In particular, under the selection pressure of cancer therapies, tumor cells undergo a veritable evolution to adapt to the changing conditions — and often escape the effects of therapy as a result. This evolution under therapeutic pressure is driven by a combination of genetic changes and non-genetic influences. Epigenetic modifications and changes in the transcriptome play a central role here, promoting the adaptation and activation of proliferation and survival programs.

This results in an extremely heterogeneous population of cancer cells with different properties in each patient — making it almost impossible for experts to identify which cellular changes affect the tumor’s ability to survive or its aggressiveness.

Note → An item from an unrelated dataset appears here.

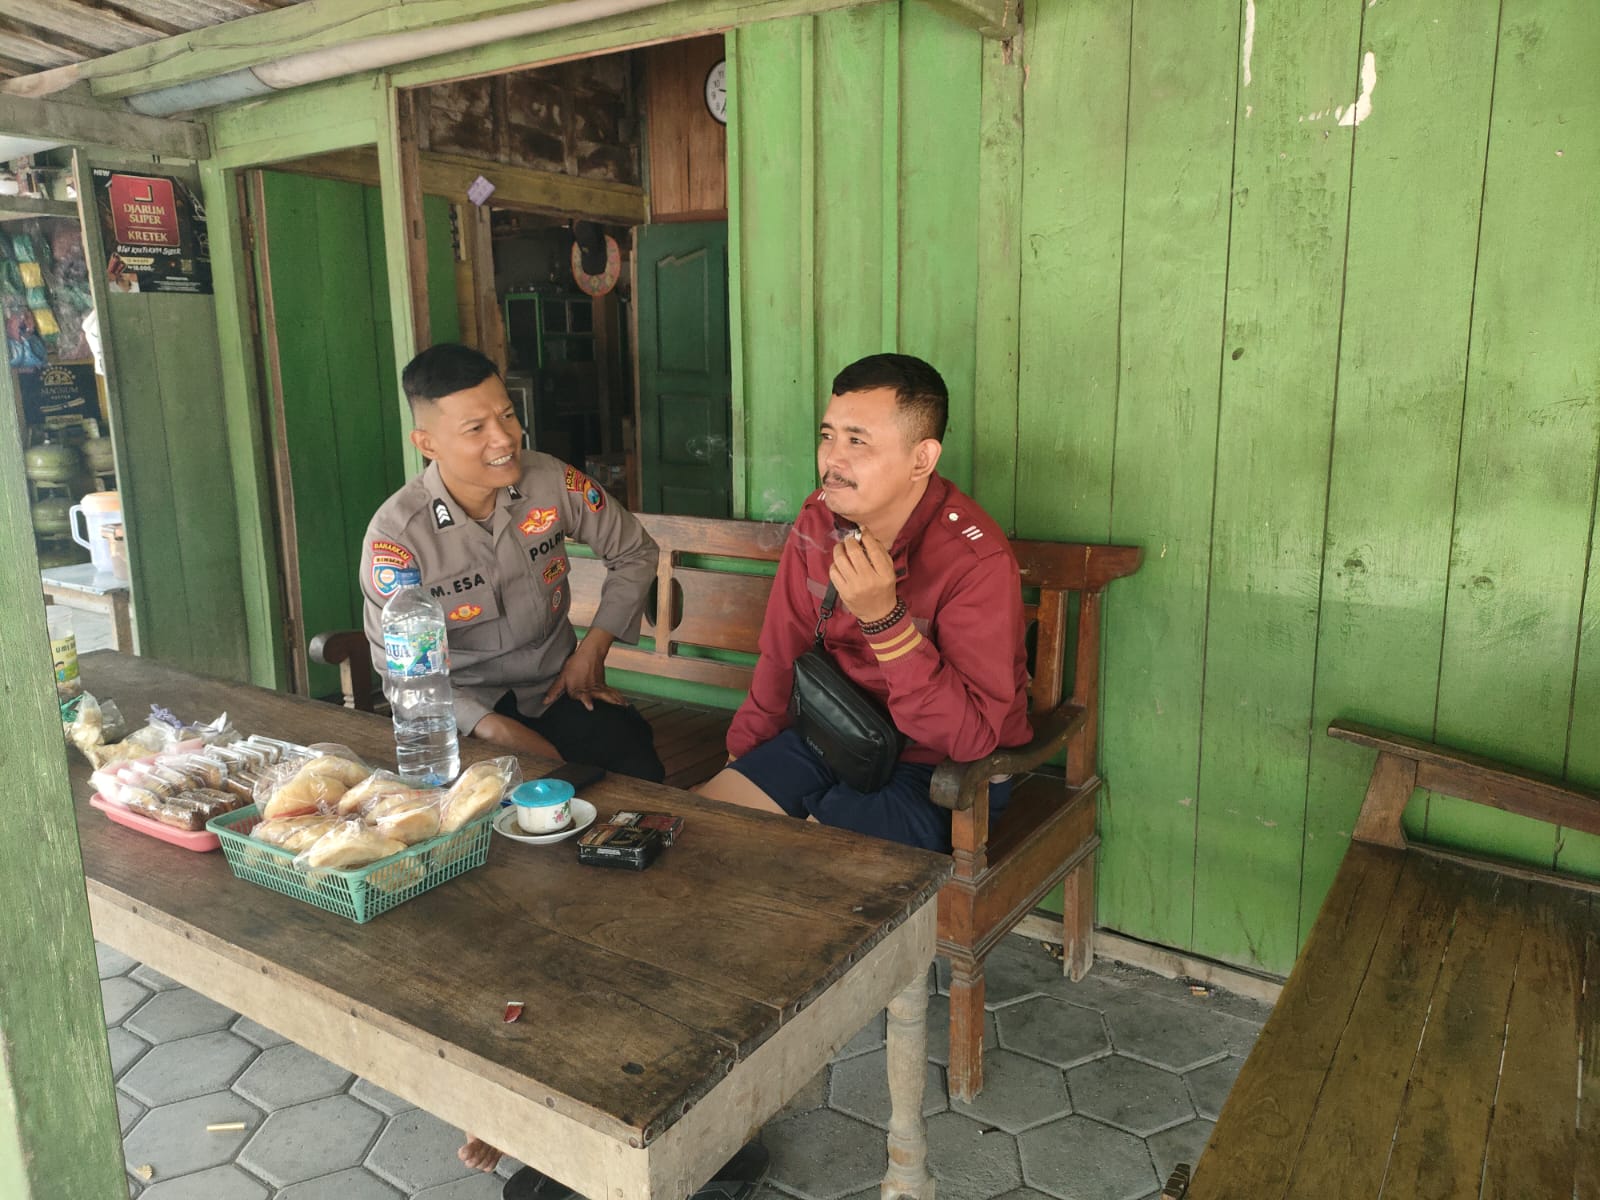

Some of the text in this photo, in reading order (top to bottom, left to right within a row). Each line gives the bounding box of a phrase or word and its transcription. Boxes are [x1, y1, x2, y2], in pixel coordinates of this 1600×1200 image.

This does not apply equally to all types of cancer. Particularly affected, for example, are patients with a special form of blood cancer, acute myeloid leukemia with complex karyotype (CK-AML). The chromosomes of these leukemia cells are in a state of enormous distortion: segments are lost, duplicated, or inserted the wrong direction. Experts call this chaotic condition chromosomal instability, or “chromothripsis.” The prognosis for those affected is significantly worse than for AML patients with normal chromosome sets, since their disease often does not respond to any of the available therapies.

“Although all experts agree that chromosomal chaos is the cause of the poor therapeutic response of these leukemia cells, no one knows exactly which molecular changes contribute to disease progression and drug resistance,” says Maija Leppä, first author of the paper. To create the knowledge base for developing better therapies, a team led by Andreas Trumpp, HI-STEM director and head of the Stem Cells and Cancer Division at the DKFZ, and Jan Korbel from EMBL has now analyzed the heterogeneity and evolution of CK-AML in unprecedented detail. Samples were obtained from eight patients before the start of treatment, and from two additional patients before and after therapy.

The molecular analyses at the single-cell level captured structural genomic and epigenetic variants in the same cell, as well as investigations of the transcriptome and cell surface proteins.

The researchers uncovered an enormous cellular and molecular heterogeneity of leukemia cells within each individual patient’s disease. The genome was in some cases extremely remodeled, with up to 64 structural genomic aberrations in a single cancer cell. In six of the eight samples, multiple leukemia cell subclones were found. The evolution of the clones could also be traced using these analytical methods: In addition to a linear sequence, there were also highly branched patterns of development in which numerous subclones were detectable at the same time.

Using patient-derived xenografts (leukemia cells transplanted into immunocompromised mice), the researchers were able to follow the molecular evolution of these subclones and investigate the molecular changes behind the dominance of individual clones. One subclone, which only accounted for about five percent of the original AML, proved to be very dominant in the transplanted mice and was also responsible for the patient’s disease relapse, while the other subclones were eliminated by chemotherapy.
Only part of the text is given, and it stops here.